Abstract

The fractional plasma escape rates of glycated and non-glycated albumin have earlier been measured in groups of Type 1 (insulin-dependent) diabetic patients and control subjects. The escape of non-glycated albumin was similar in control subjects and normoalbuminuric patients, but elevated in patients with micro or macroalbuminuria. In all groups the escape rate of glycated albumin was lower than that of non-glycated albumin. Glycation increases the anionic charge of albumin. To assay for charge-dependent alterations of transport a selectivity index (non-glycated albumin/glycated albumin transport ratio) was determined from the disappearance data. The index was high in control subjects (1.021 +/- 0.0057 (SEM)).
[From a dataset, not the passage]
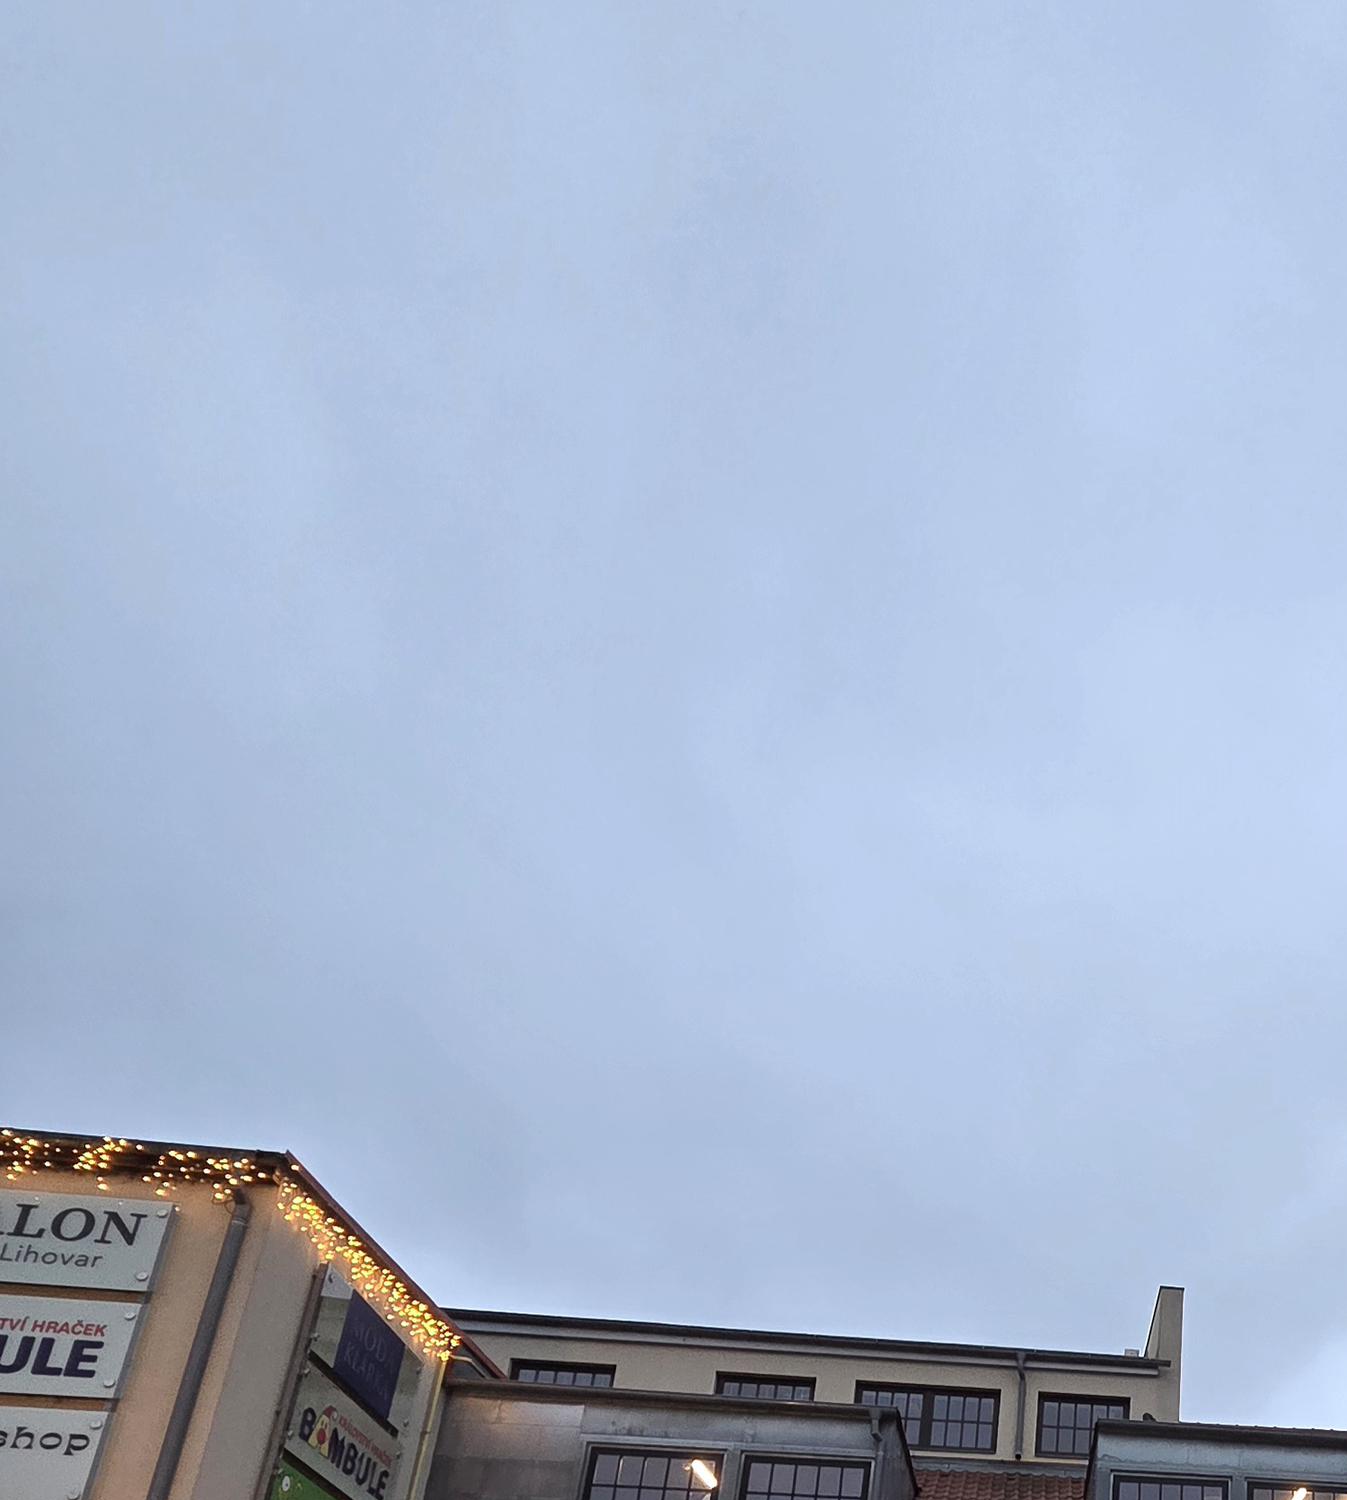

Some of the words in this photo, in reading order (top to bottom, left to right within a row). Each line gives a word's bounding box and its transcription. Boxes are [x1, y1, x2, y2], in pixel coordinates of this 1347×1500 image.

[0, 1204, 147, 1246] LON
[0, 1243, 103, 1268] Lihovar
[31, 1319, 107, 1337] HRAČEK
This reflects a mean difference between the two escape rates of 2.1% per hour (for comparison the mean of the fractional escape rate of non-glycated albumin of the normal control subjects was 4.7% per hour). The index was numerically even higher in normoalbuminuric patients (1.031 +/- 0.0047 (SEM)), but reached significantly lower levels in patients with microalbuminuria (1.013 +/- 0.0030 (SEM), p < 0.02). Patients with clinical nephropathy had very low levels indicating loss of selectivity (1.002 +/- 0.0068 (SEM), p < 0.001). This pattern accords well with measurements of renal clearance selectivity indices, suggesting a general, progressive deterioration of anionic perivascular barrier components in diabetic microangiopathy. The structural target for these changes is likely to be the glycosaminoglycans of the glomerular basal membrane and the interstitial matrix.